ISO 41001 Facility Management Systems

A risk is an event that might or might not occur. If it has occurred or will occur, it is not a risk but an issue to be dealt with as a part of day-to-day facility management. There are two kinds of risk: downside risks, commonly referred to as threats, and upside risks, which are opportunities. So how does this square with ISO 41001 and its emphasis on risk?

For now, and in line with earlier management system standards such as ISO 9001 (quality management) and ISO 14001 (environmental management), requirements have referred to risks and opportunities. The publication of ISO 31000 Risk Management in early 2018 made a clear distinction between downside and upside risks – threats and opportunities – as well as various risk treatments. It is just a pity that it was too late to influence the text of many management system standards including ISO 41001.
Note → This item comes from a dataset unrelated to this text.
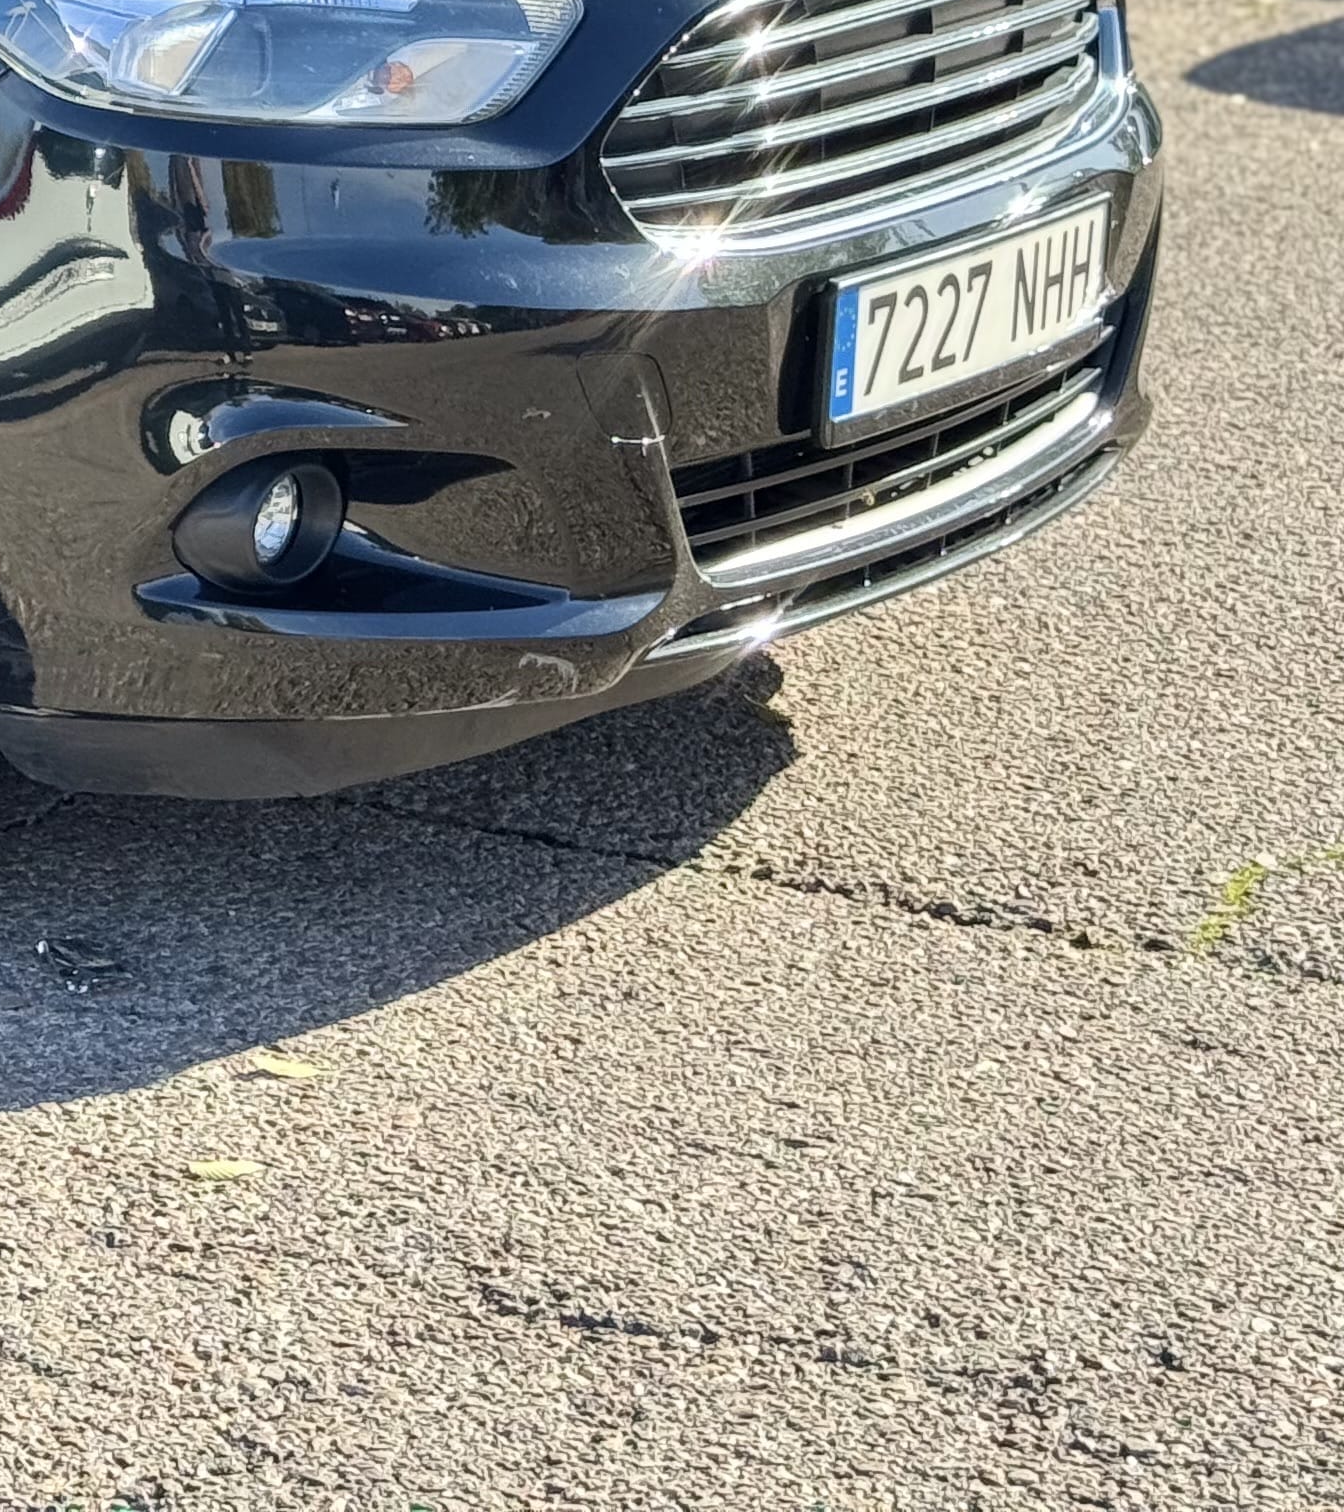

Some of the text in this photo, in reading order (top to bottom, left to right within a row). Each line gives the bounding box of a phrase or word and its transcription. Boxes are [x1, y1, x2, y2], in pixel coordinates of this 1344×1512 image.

The trouble with referring to risks and opportunities is it implies that risks are negative. A risk can have an upside or a downside: it does not have to be negative. A risk event has a cause and there is a consequence or effect if it occurs. We might speculate on the likelihood (or probability) of the risk occurring and, if it did, what its impact would be. In many businesses where risk management is a key function, any risk event attracting a likelihood of 50% or more would be taken on as an issue. You do not wait to see if it might or might not happen and then find that you are unprepared for the consequences.

You might be wondering how this affects ISO 41001 and your Facility Management System. The requirements in ISO 41001 refer to risks and opportunities and the actions to address them. Strangely, the wording includes the need to “prevent, or reduce, undesired effects”. Nowhere does it use words such as exploit or enhance, for example, which is what you would want to do if an upside risk presented itself. Your Facility Management Manual includes expected practices and a procedure to help you deal with risks and issues separately. In the case of risks, a distinction has be drawn between threats and opportunities. A risk register is provided to help you monitor risks – good as well as bad.